'''

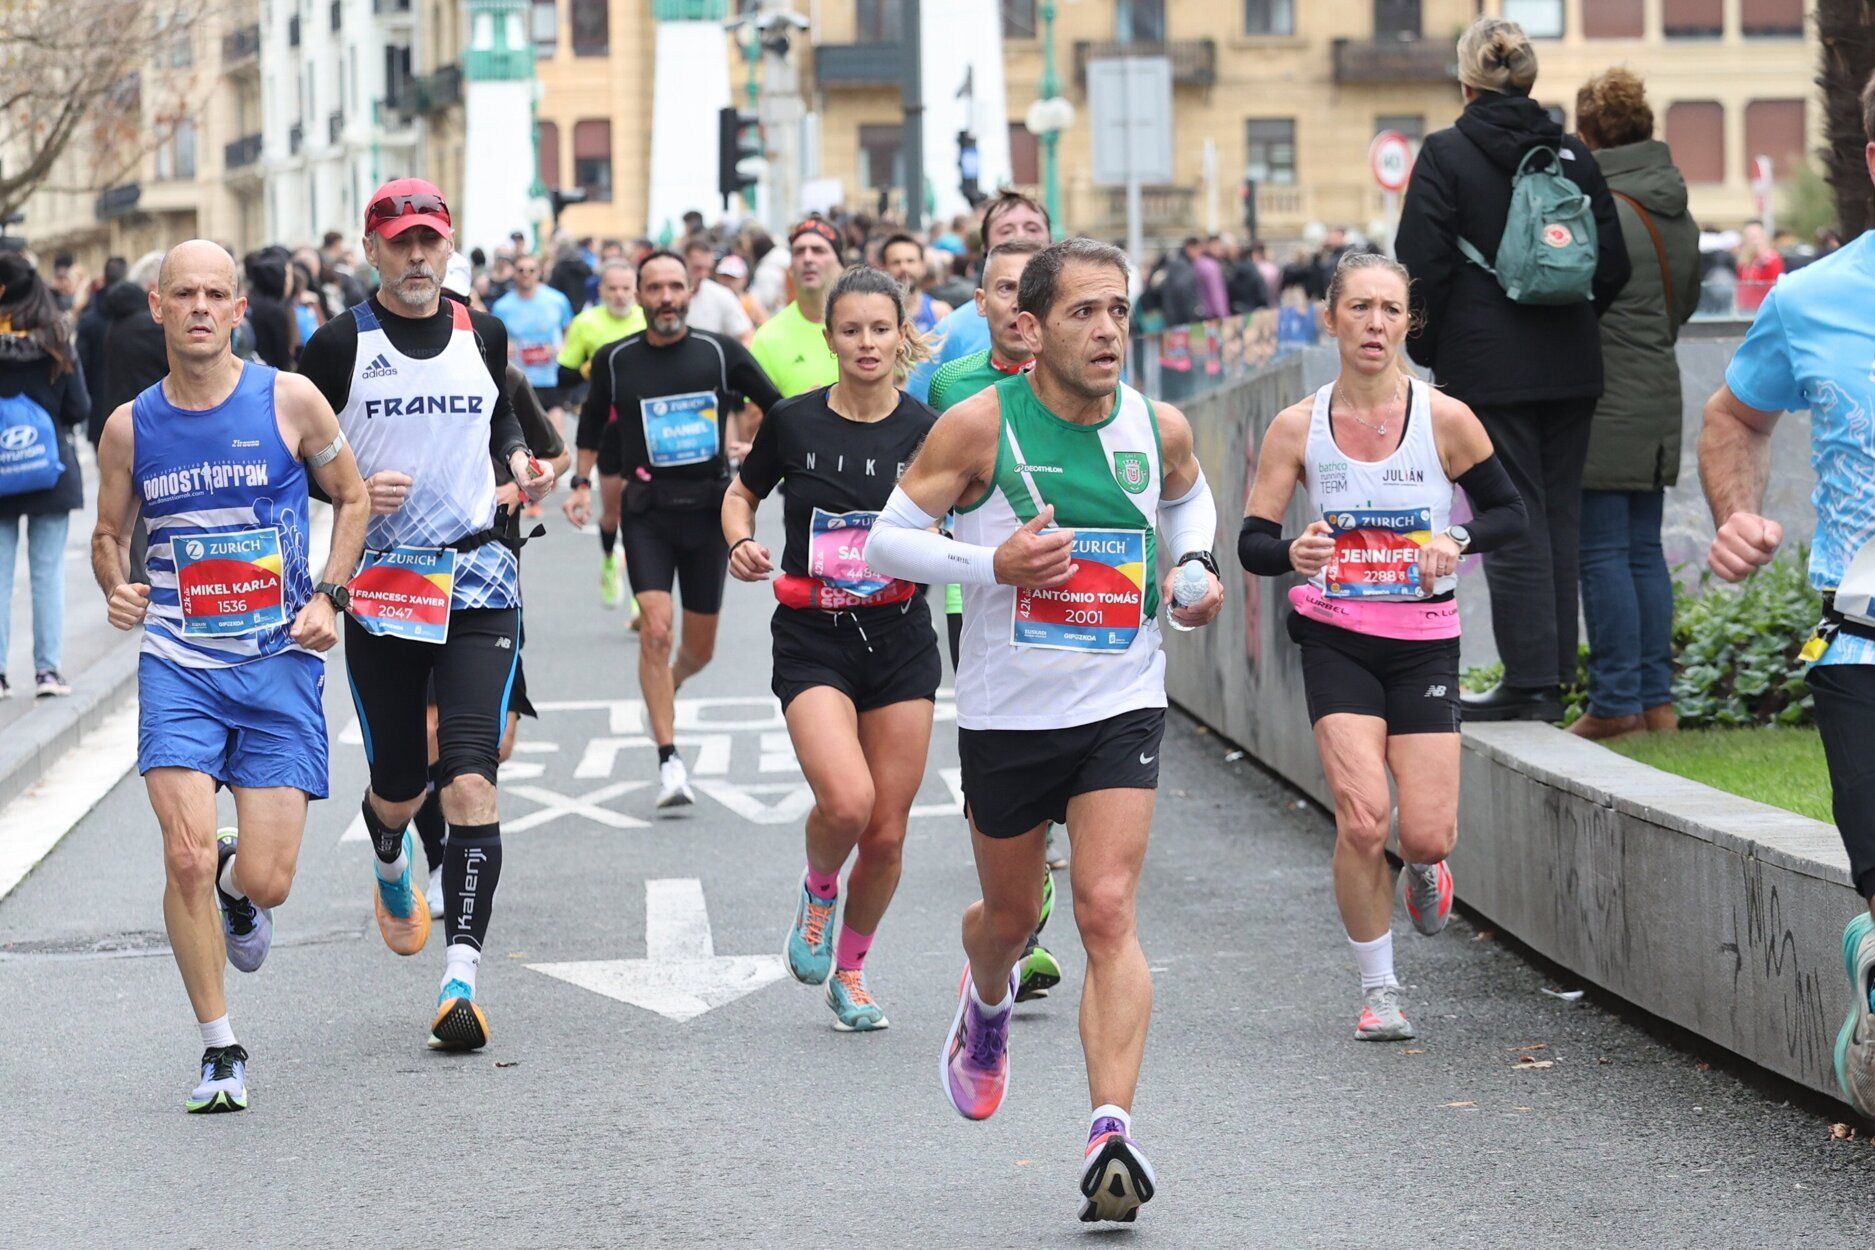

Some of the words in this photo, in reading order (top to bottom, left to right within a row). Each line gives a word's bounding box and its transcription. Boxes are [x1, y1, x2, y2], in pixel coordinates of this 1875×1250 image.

[362, 367, 397, 379] adidas
[365, 395, 483, 419] FRANCE
[662, 421, 709, 438] DANIEL
[806, 452, 905, 479] NIKE
[1024, 465, 1063, 473] DECATHLON
[1319, 462, 1348, 473] bathco
[1382, 468, 1424, 482] JULIÁN
[1320, 480, 1348, 494] TEAM
[1361, 516, 1415, 528] ZURICH
[210, 540, 260, 554] ZURICH
[1071, 540, 1126, 554] ZURICH
[387, 553, 437, 566] ZURICH
[1363, 570, 1397, 583] 2288
[190, 584, 231, 596] MIKEL
[232, 577, 278, 594] KARLA
[355, 590, 408, 603] FRANCESC
[409, 595, 446, 608] XAVIER
[1032, 589, 1095, 603] ANTÓNIO
[1097, 591, 1139, 604] TOMÁS
[217, 599, 247, 613] 1536
[378, 605, 414, 620] 2047
[1305, 595, 1350, 616] LURBEL
[1065, 609, 1103, 624] 2001
[457, 848, 487, 930] kalenji
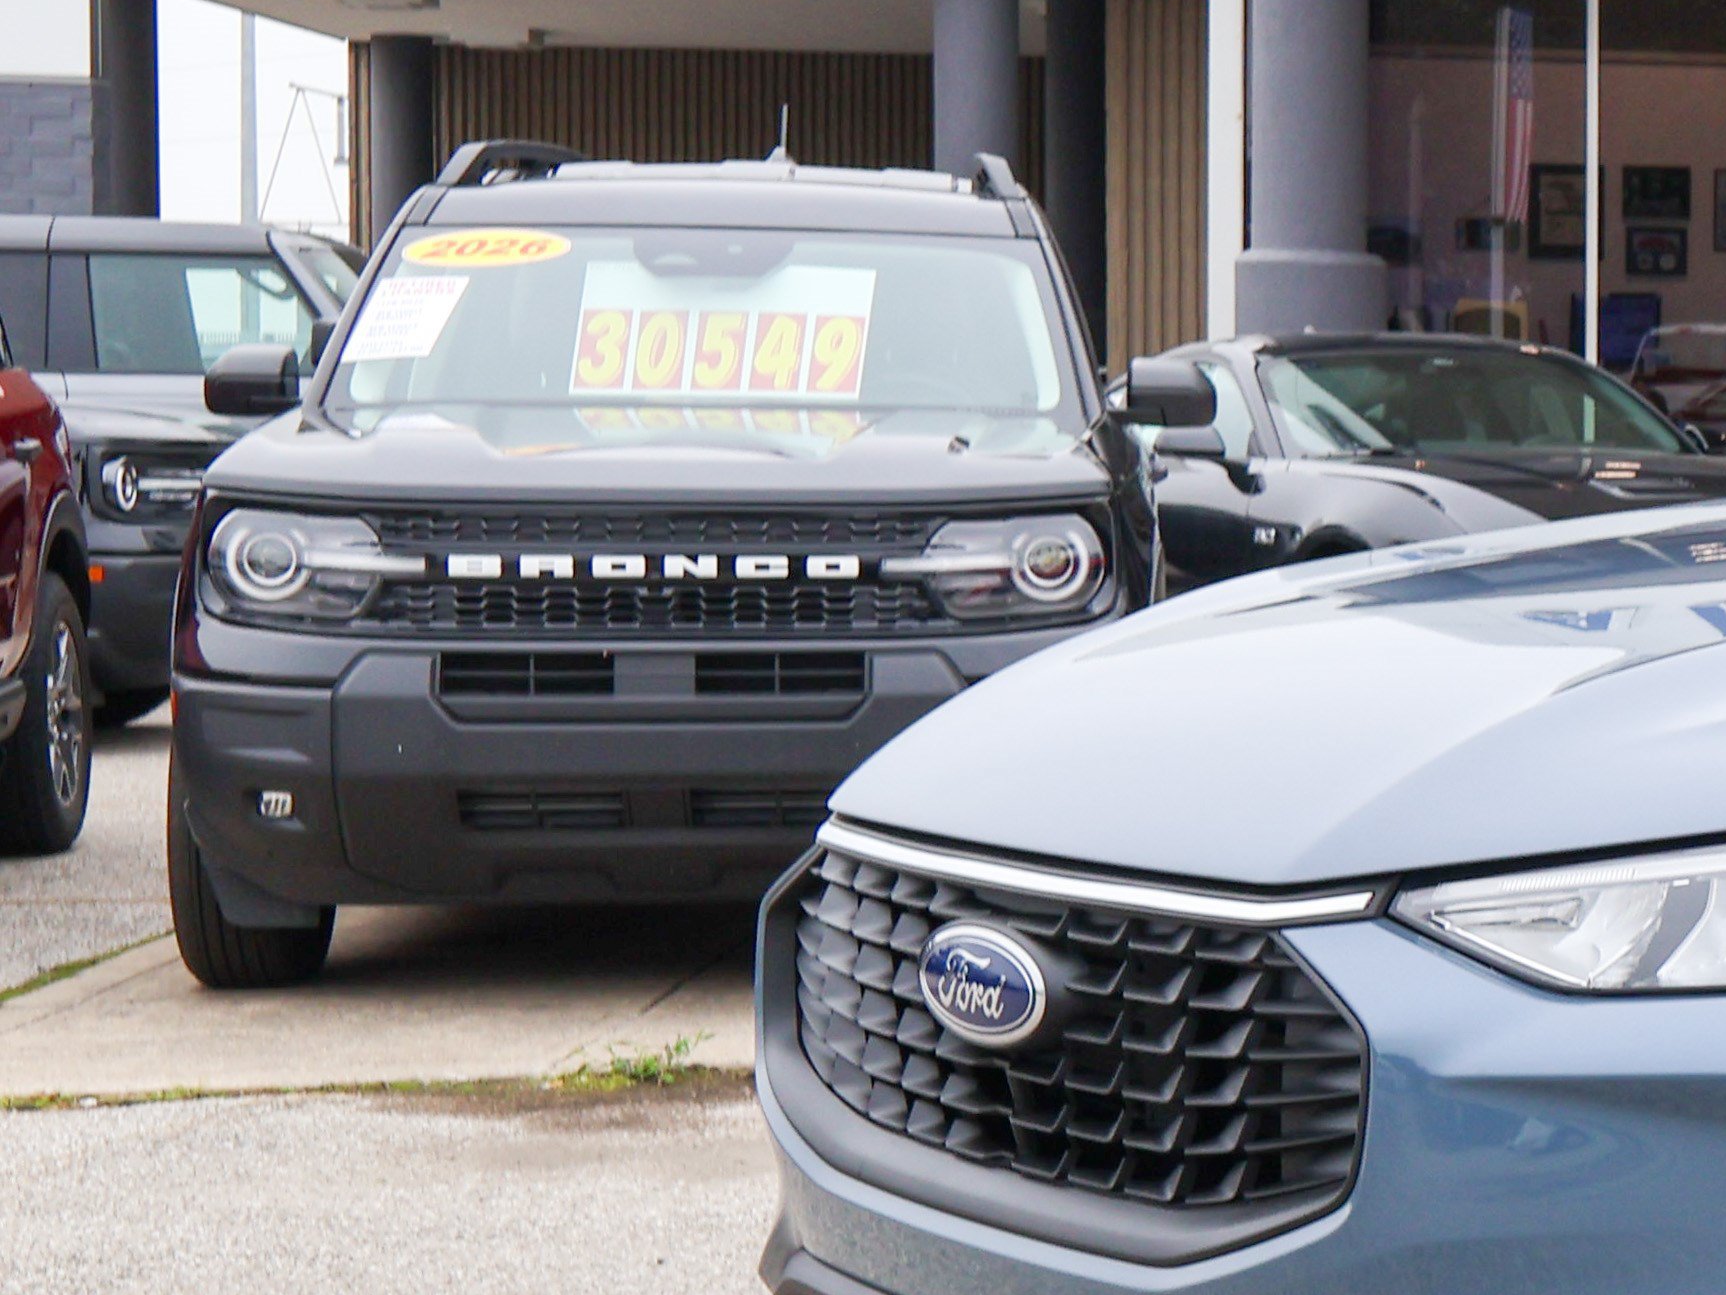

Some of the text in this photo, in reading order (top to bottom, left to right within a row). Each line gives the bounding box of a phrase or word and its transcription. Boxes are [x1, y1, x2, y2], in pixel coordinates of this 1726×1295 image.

[426, 234, 549, 260] 2026
[577, 310, 866, 391] 30549
[446, 553, 860, 579] BRONCO
[938, 947, 1006, 1020] Ford
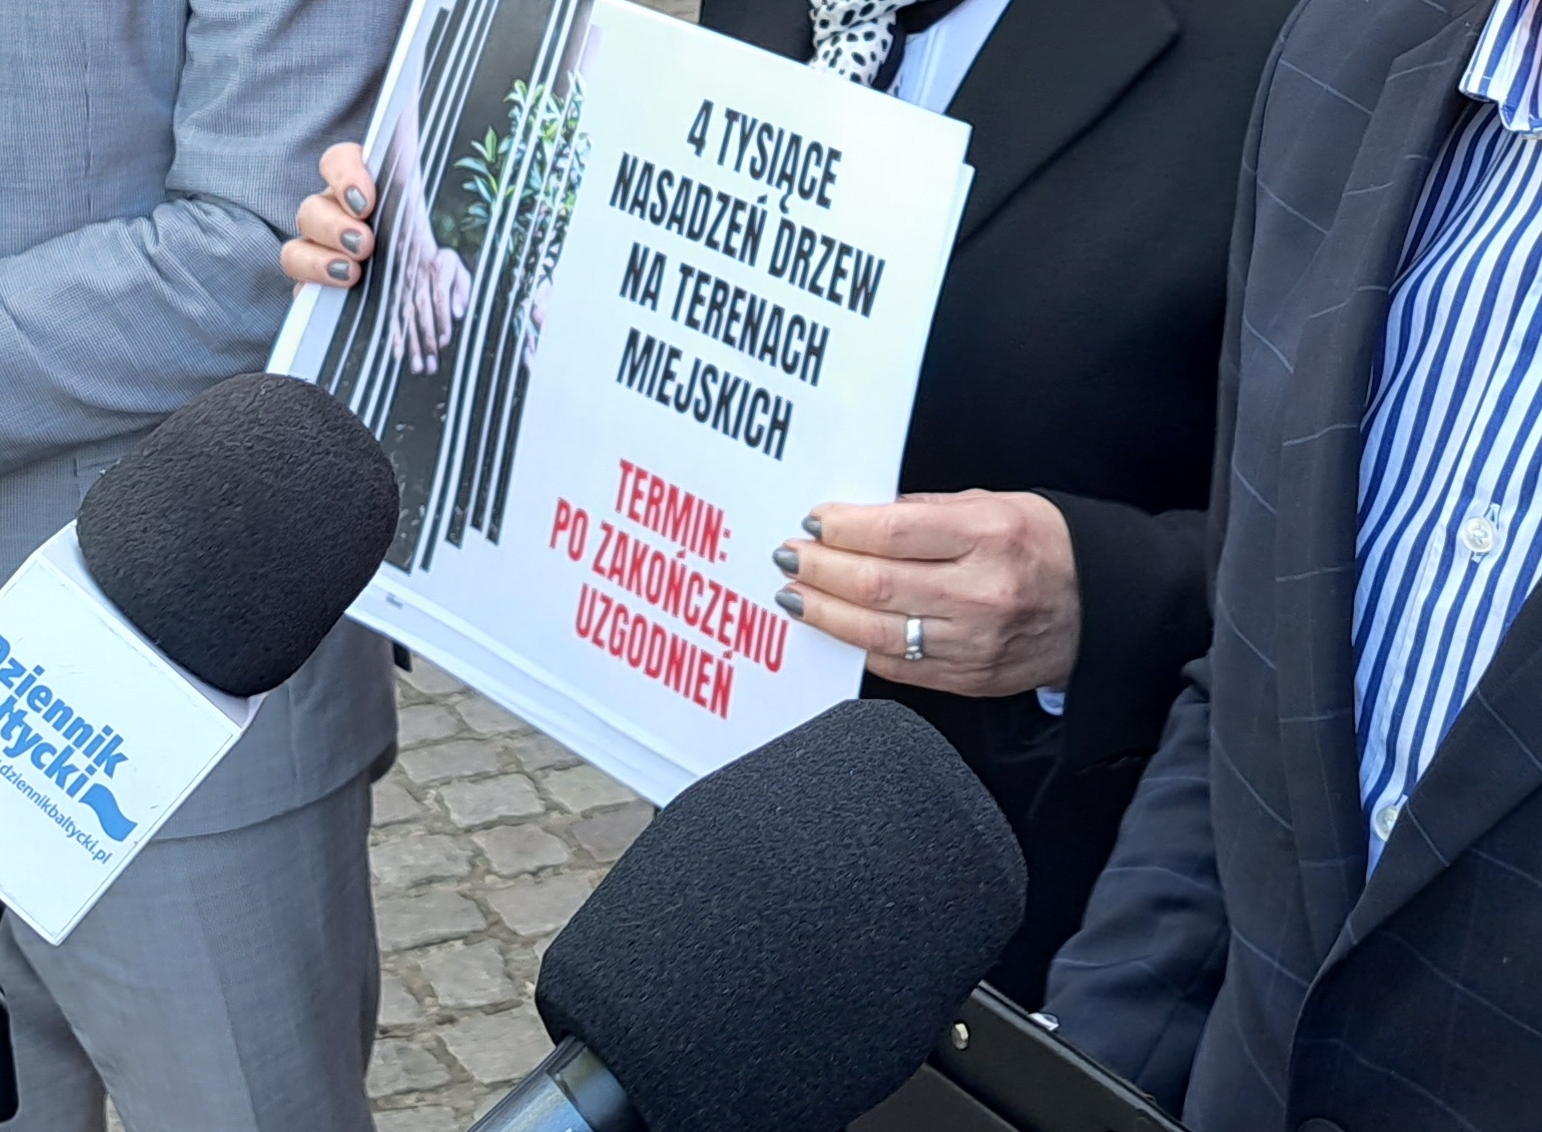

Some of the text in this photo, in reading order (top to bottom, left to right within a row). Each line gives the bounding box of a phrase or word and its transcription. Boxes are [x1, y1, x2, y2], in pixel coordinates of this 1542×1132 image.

[686, 98, 843, 215] 4 TYSIĄCE
[608, 151, 886, 319] NASADZEŃ DRZEW
[618, 241, 831, 388] NA TERENACH
[615, 325, 794, 461] MIEJSKICH
[614, 457, 732, 564] TERMIN:
[548, 496, 790, 674] PO ZAKOŃCZENIU
[575, 582, 735, 721] UZGODNIEŃ
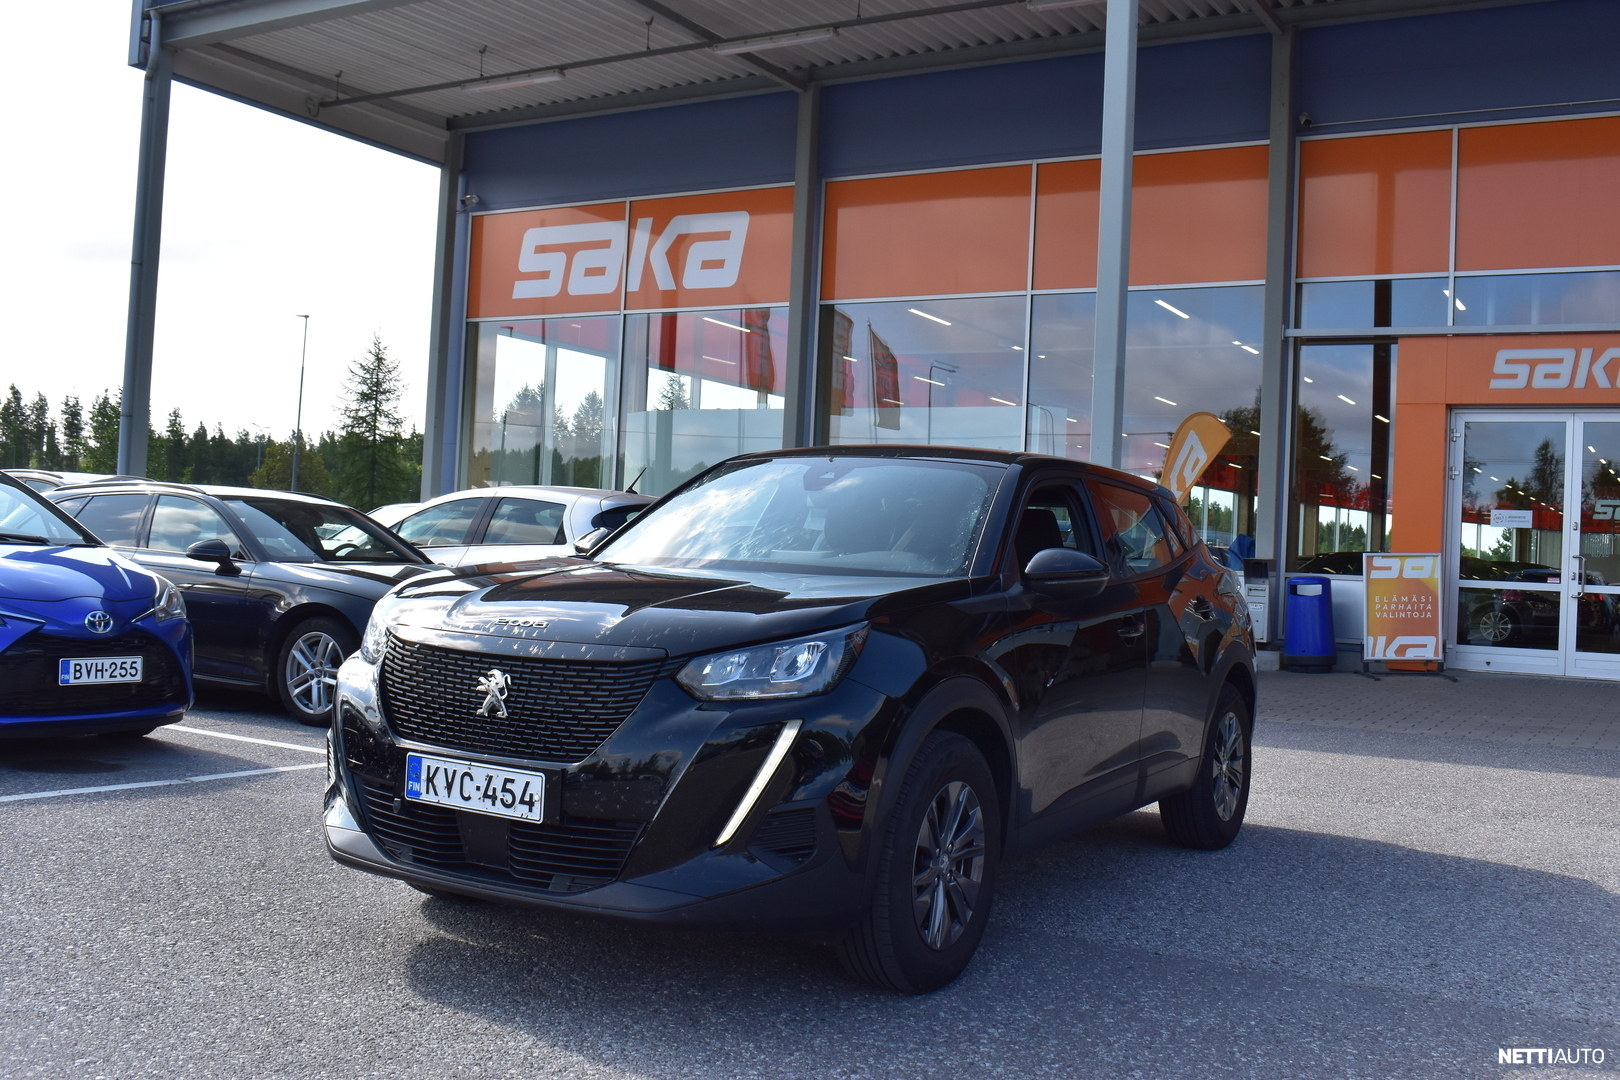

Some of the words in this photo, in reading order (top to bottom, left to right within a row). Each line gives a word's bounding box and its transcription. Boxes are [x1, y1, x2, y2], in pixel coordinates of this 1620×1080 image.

[1375, 594, 1432, 602] ELÄMÄSI
[494, 618, 549, 628] 2008
[408, 781, 420, 792] FIN

'''

### Work to complete
The lines to output run from the one containing "this 1620×1080 image." to the last line of the entries; give them back exactly.

### Reply to the task
Some of the words in this photo, in reading order (top to bottom, left to right within a row). Each line gives a word's bounding box and its transcription. Boxes are [x1, y1, x2, y2], in pixel coordinates of this 1620×1080 image.

[1375, 594, 1432, 602] ELÄMÄSI
[494, 618, 549, 628] 2008
[408, 781, 420, 792] FIN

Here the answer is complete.